Assigned task: Print exactly the line that contains "this 1600×900 image.", then every following line through the end of the material; include nothing else and no pictures.
** Listed records follows **
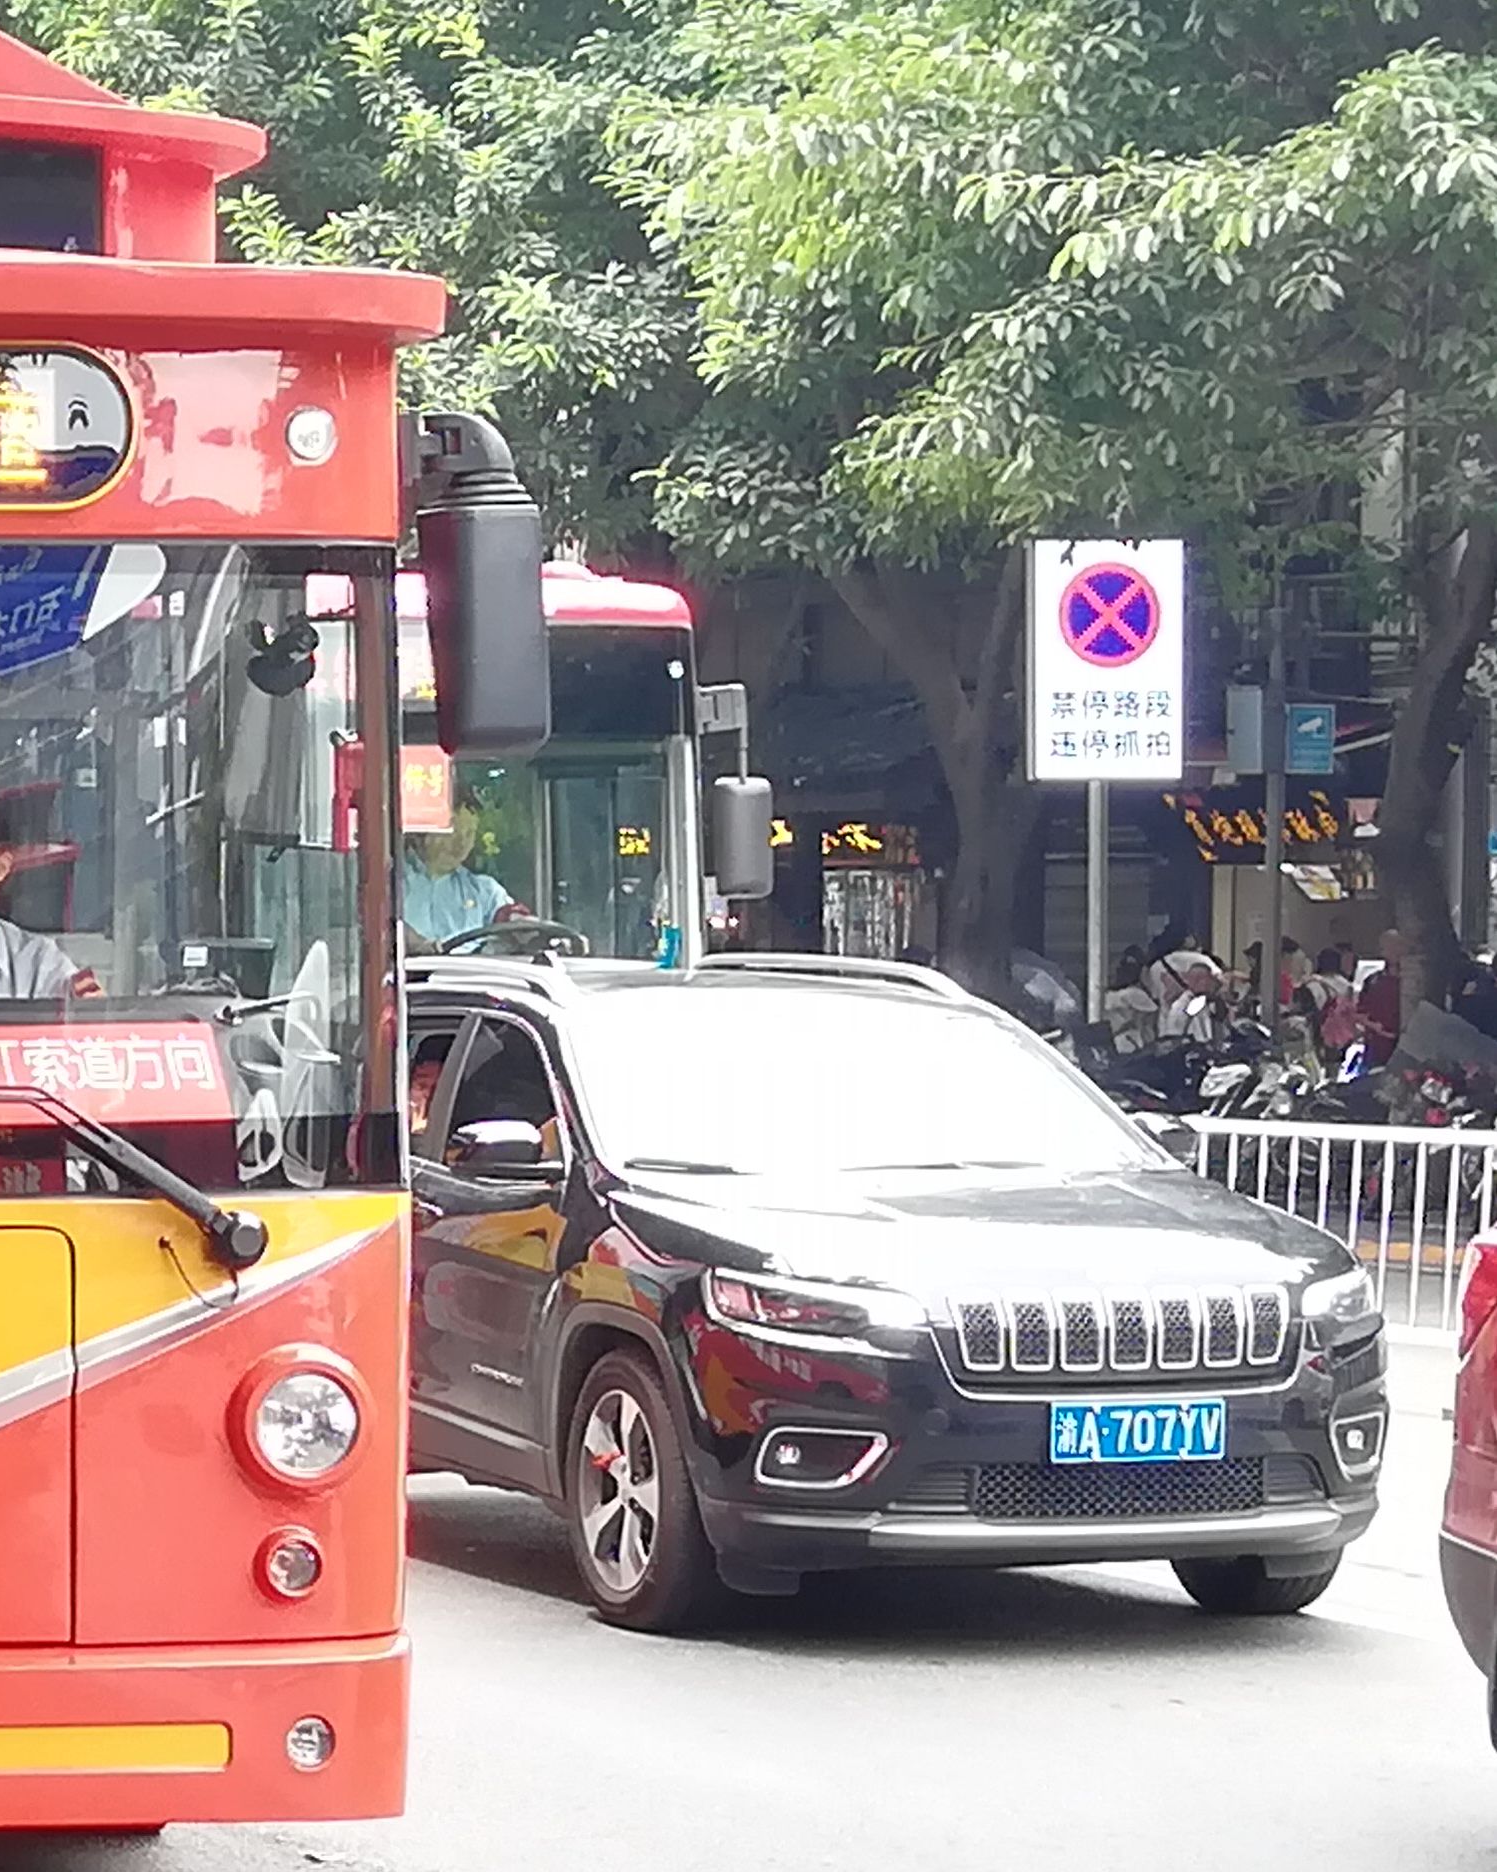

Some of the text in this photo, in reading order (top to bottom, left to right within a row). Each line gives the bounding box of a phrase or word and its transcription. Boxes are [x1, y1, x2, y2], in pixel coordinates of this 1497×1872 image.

[1050, 690, 1173, 719] 禁停路段
[1050, 730, 1172, 759] 违停抓拍
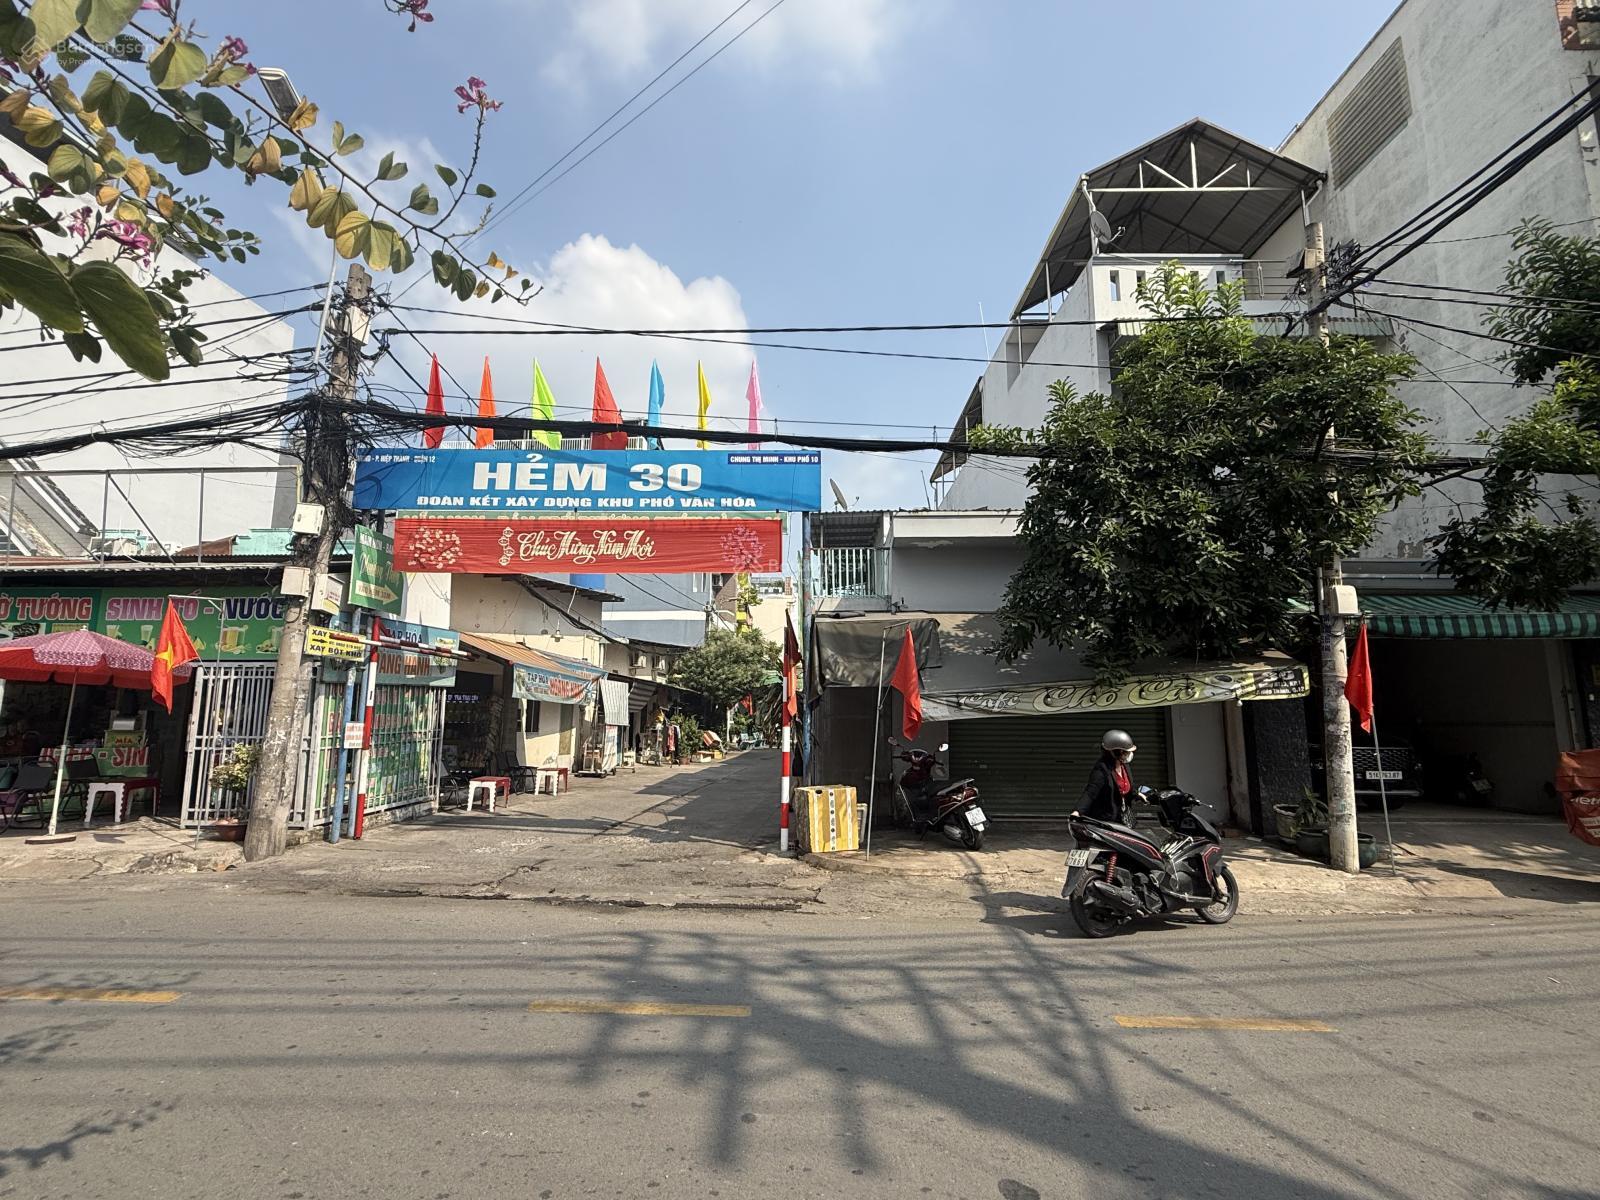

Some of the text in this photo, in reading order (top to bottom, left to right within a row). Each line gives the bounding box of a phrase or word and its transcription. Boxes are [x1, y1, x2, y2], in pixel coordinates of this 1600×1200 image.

[429, 455, 436, 463] 12
[730, 455, 751, 463] CHUNG
[752, 455, 761, 464] THỊ
[762, 455, 779, 463] MINH
[784, 455, 796, 463] KHU
[797, 453, 810, 463] PHỐ
[811, 455, 819, 463] 10
[473, 453, 702, 492] HẺM 30
[416, 495, 464, 506] ĐOÀN
[469, 493, 502, 507] KẾT
[505, 495, 541, 507] XÂY
[543, 496, 592, 509] DỰNG
[597, 497, 635, 508] KHU
[639, 495, 675, 508] PHỐ
[720, 496, 757, 508] HÓA
[517, 529, 656, 565] Chúc Mừng Năm Mới
[15, 592, 93, 620] TƯỚNG
[105, 597, 165, 620] SINH
[311, 628, 328, 637] XAY
[309, 643, 326, 652] XAY
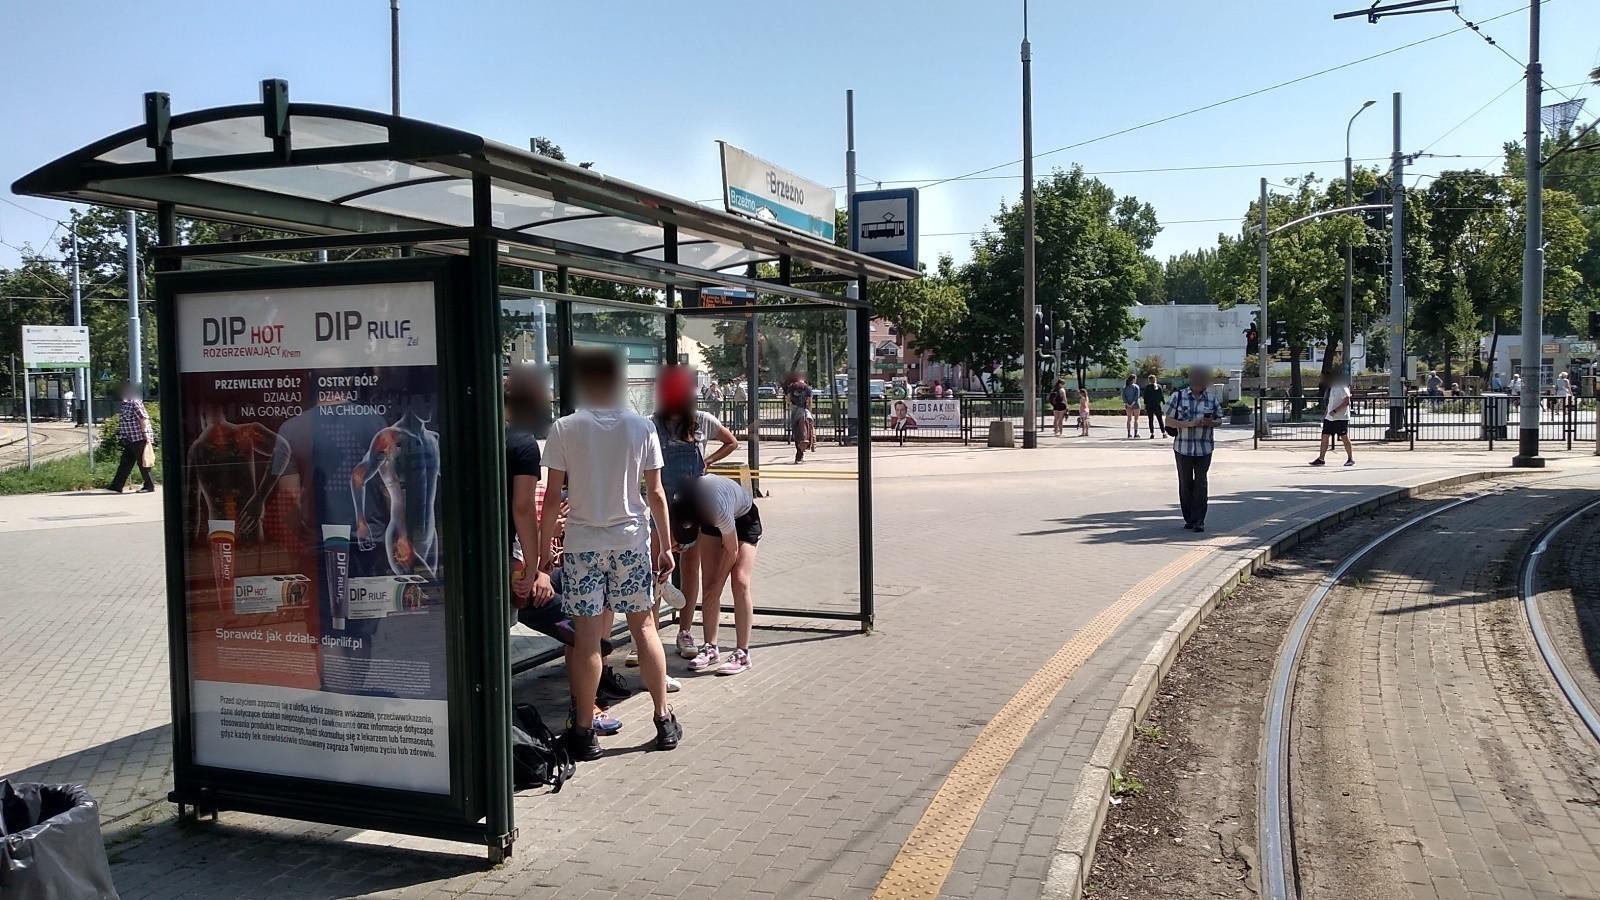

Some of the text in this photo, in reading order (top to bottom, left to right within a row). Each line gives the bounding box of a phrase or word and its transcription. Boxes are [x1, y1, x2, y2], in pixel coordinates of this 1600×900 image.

[203, 316, 284, 346] DIP HOT
[315, 310, 411, 341] DIP RILIF
[203, 346, 281, 358] ROZGRZEWAJĄCY
[214, 375, 301, 390] PRZEWLEKŁY BÓL?
[318, 373, 379, 388] OSTRY BÓL?
[263, 391, 302, 403] DZIAŁAJ
[318, 391, 358, 401] DZIAŁAJ
[241, 406, 303, 419] NA GORĄCO
[319, 405, 386, 416] NA CHŁODNO
[222, 543, 232, 563] DIP
[337, 552, 346, 576] DIP
[236, 585, 254, 598] DIP
[350, 588, 367, 602] DIP
[215, 627, 263, 641] Sprawdź
[266, 630, 282, 643] jak
[321, 634, 363, 650] diprilif.pl
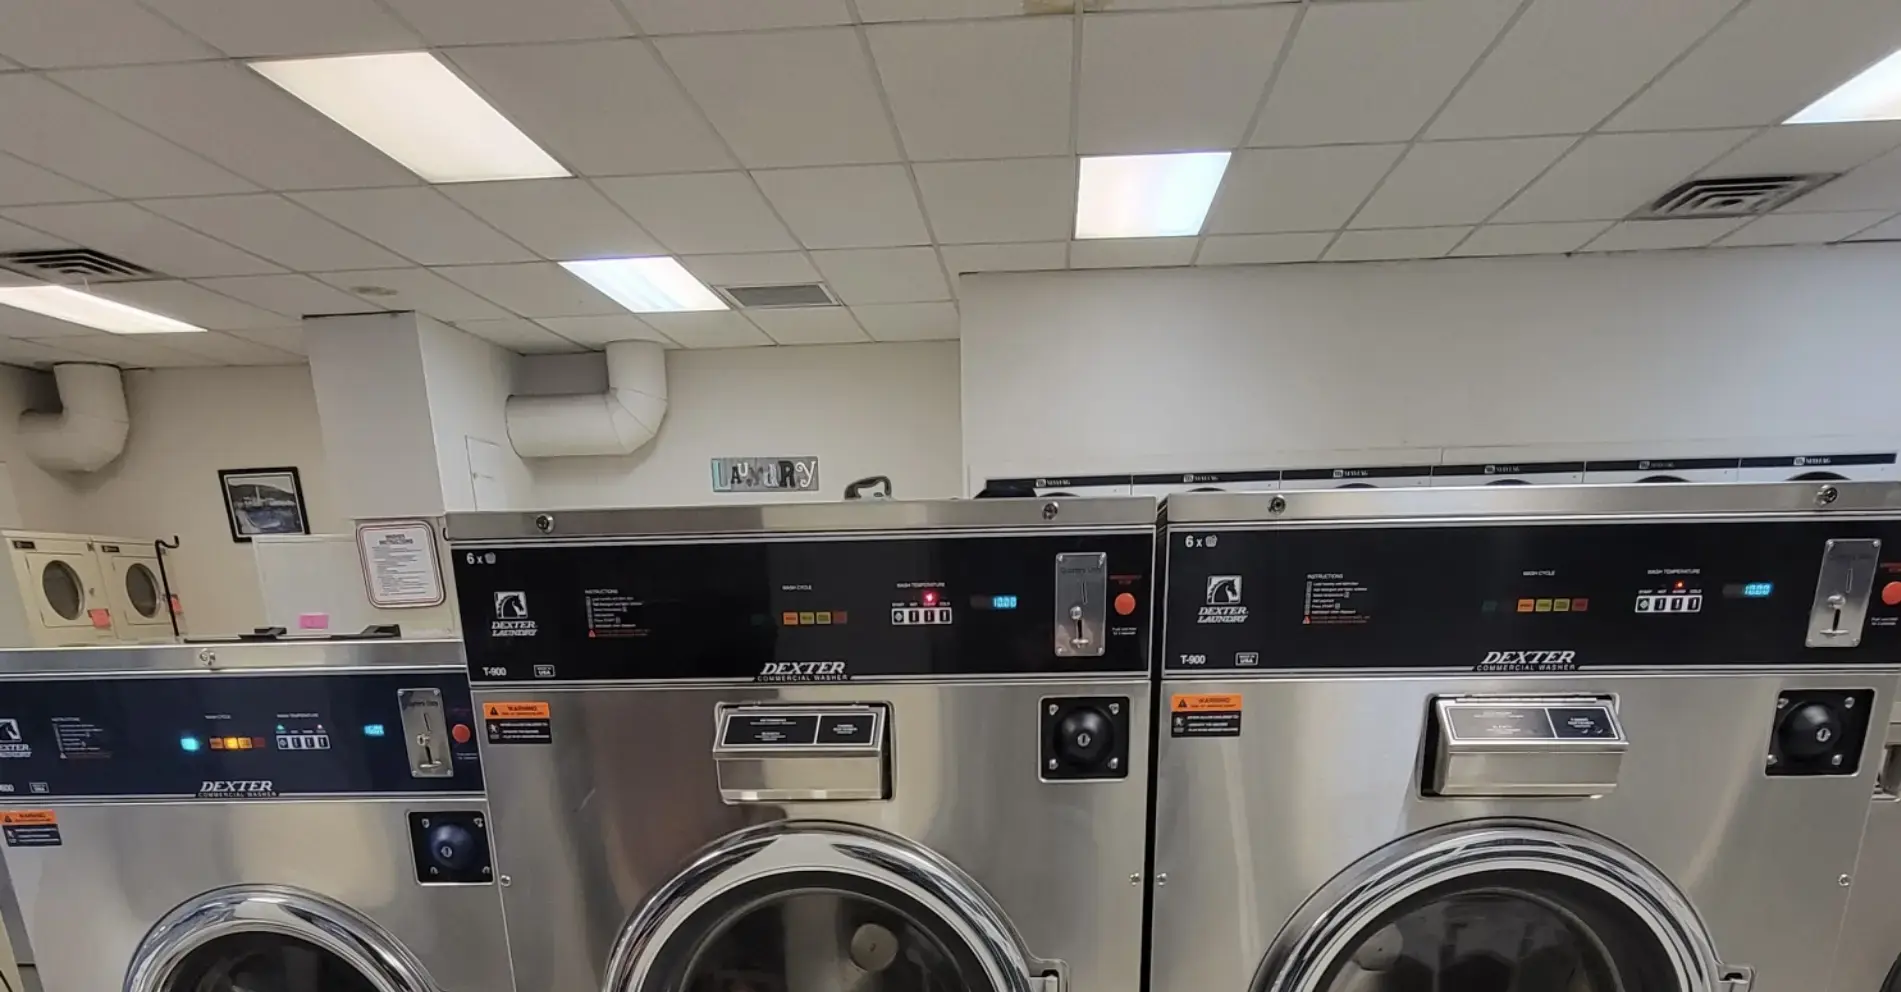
** End of Listed records **
The answer:
Some of the text in this photo, in reading order (top to bottom, left to right within a row). Each line gives the bounding box of a phrase or word and its transcription. Boxes are [x1, y1, x2, y2], in pixel coordinates of this 1600×900 image.

[203, 316, 284, 346] DIP HOT
[315, 310, 411, 341] DIP RILIF
[203, 346, 281, 358] ROZGRZEWAJĄCY
[214, 375, 301, 390] PRZEWLEKŁY BÓL?
[318, 373, 379, 388] OSTRY BÓL?
[263, 391, 302, 403] DZIAŁAJ
[318, 391, 358, 401] DZIAŁAJ
[241, 406, 303, 419] NA GORĄCO
[319, 405, 386, 416] NA CHŁODNO
[222, 543, 232, 563] DIP
[337, 552, 346, 576] DIP
[236, 585, 254, 598] DIP
[350, 588, 367, 602] DIP
[215, 627, 263, 641] Sprawdź
[266, 630, 282, 643] jak
[321, 634, 363, 650] diprilif.pl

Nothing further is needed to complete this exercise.